The Ovarian Cancer National Alliance changed my understanding of life as a survivor of ovarian cancer. First, as a client, I learned about my disease through their education programs. Then I learned about empowerment, testifying on behalf of other women with the disease. Through their outreach efforts, we engaged the underserved and under-informed. We became the voice of patients to healthcare providers and policy makers, and made substantive change. This is a charity that affects every aspect of ovarian cancer - patients, clinicians, researchers, donors, caregivers, lawmakers and the public. Serving on their board is the most honorable role of my life.
As an oncology nurse and a leader of one of the Partner Member groups, I have been involved with OCNA for the last 14 years. It has been an incredible partnership with the main goal of improving the lives of women with ovarian cancer. As a healthcare professional, it is the place I turn to when I need resources for my patients. I have had the privilege to serve on the board of directors for the last 6 years. It is an honor to work on the OCNA team.
Nine years ago, I turned to the Ovarian Cancer National Alliance after losing a dear friend to ovarian cancer. I was interested in building an organization in my community to adavocate for ovarian cancer. The Ovarian Cancer National Alliance assisted me tremendously with this process. They have guided and supported my organization all along the way. It is a true privledge to work with the Alliance.

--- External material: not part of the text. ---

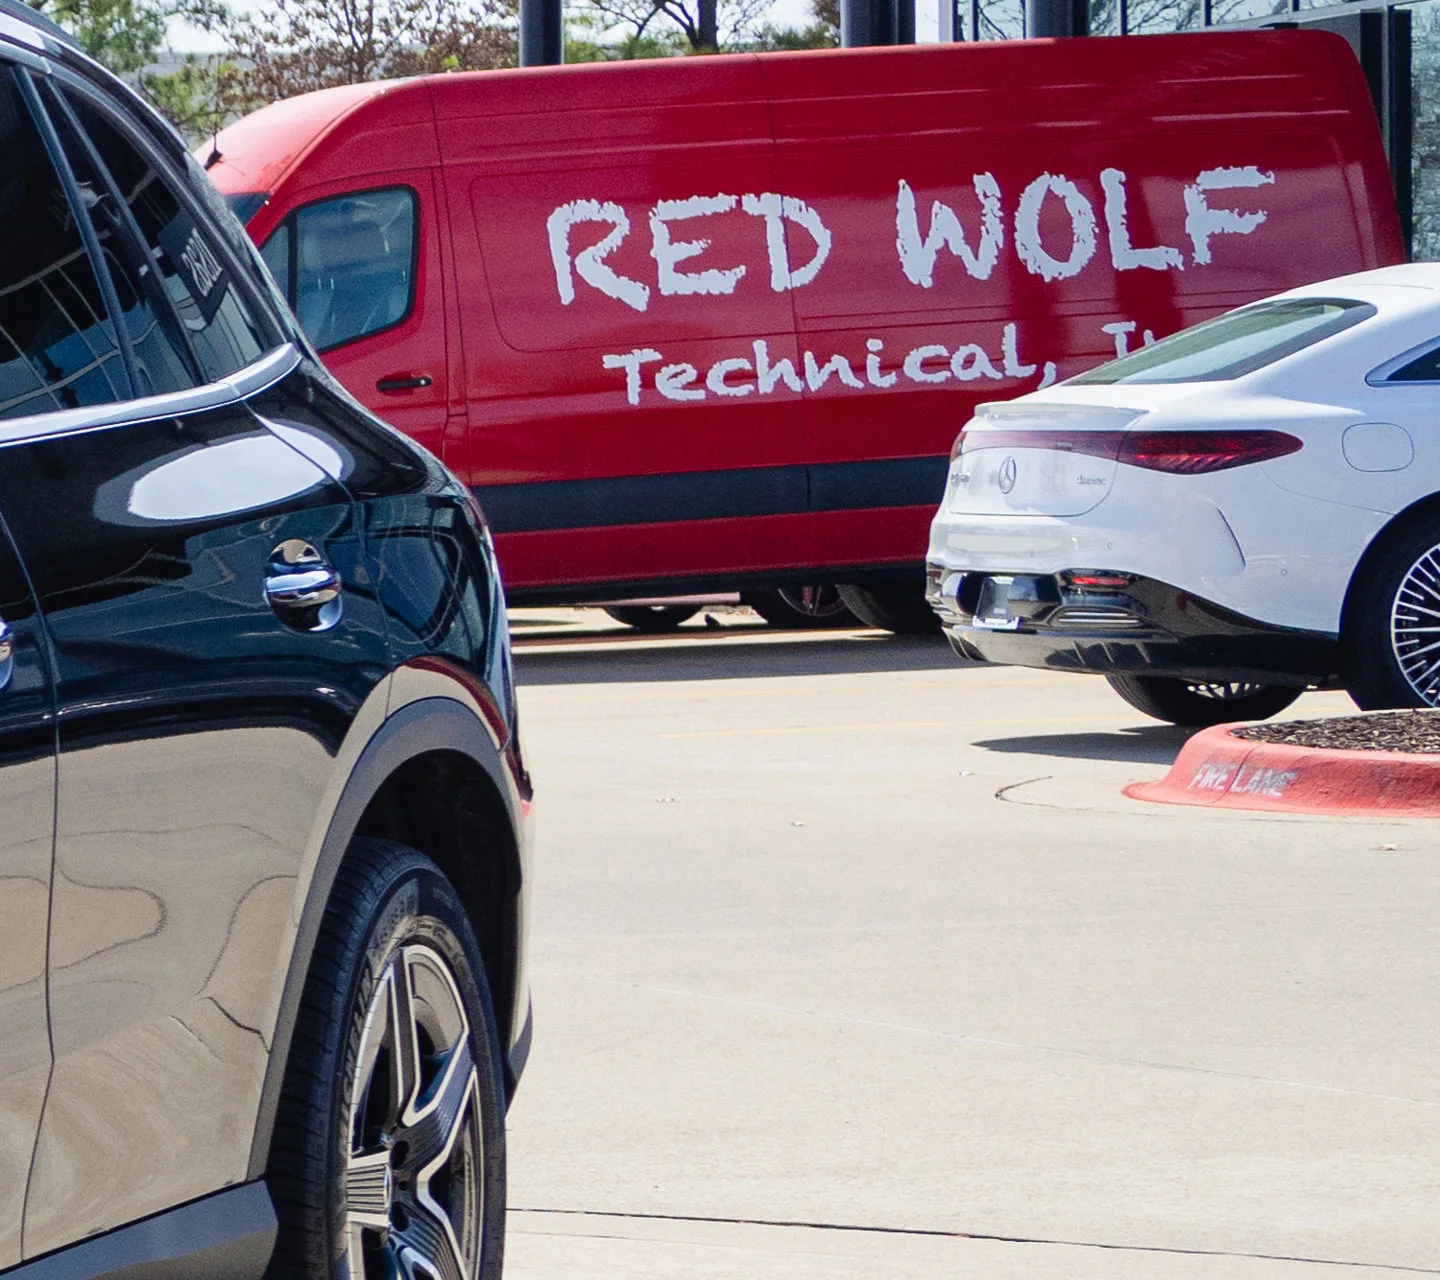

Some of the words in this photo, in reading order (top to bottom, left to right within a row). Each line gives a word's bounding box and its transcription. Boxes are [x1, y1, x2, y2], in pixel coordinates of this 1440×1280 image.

[546, 191, 833, 312] RED
[896, 166, 1276, 288] WOLF
[602, 322, 1057, 405] Technical,

Ovarian Cancer National Alliance is the leader in new and innovative ways to get the word out there about ovarian cancer. OCNA's Survivors Teaching Students program takes a proactive approach by organizing survivor volunteers to present their stories to Medical, Nursing and Physician Assistants students. By putting a face to a disease, these volunteers are able to educate these students as they enter the medical field, on the signs and symptoms of ovarian cancer with the hopes of red flagging patients and diagnosing ovarian cancer sooner than it might have ordinarily been diagnosed. The responses to the STS program are staggering. Students leave not only teary eyed as they are totally engaged by these women, but ideally, these students leave the classroom educated about ovarian cancer, what to look for, signs and symptoms, and what to do if they suspect a women has ovarian cancer. OCNA is always at the cutting edge in their delivery of programs, education, advocacy and overall support to women who or know someone who is afflicted with this deadly disease. I have seen many not for profits, however, OCNA exemplifies "always trying harder" to provide the best support on all levels for such a worthy cause. Ovarian cancer has not only been known as the silent killer, but equally important, there has been silence in the overall awareness of this disease. OCNA is changing that and is really making a difference.
This organization is bringing together women with ovarian cancer and their supporters to help raise awareness, provide a sense of community and change perception. Surviving is possible, there are recognizable symptoms. Learn them and protect yourself and your the women in your life.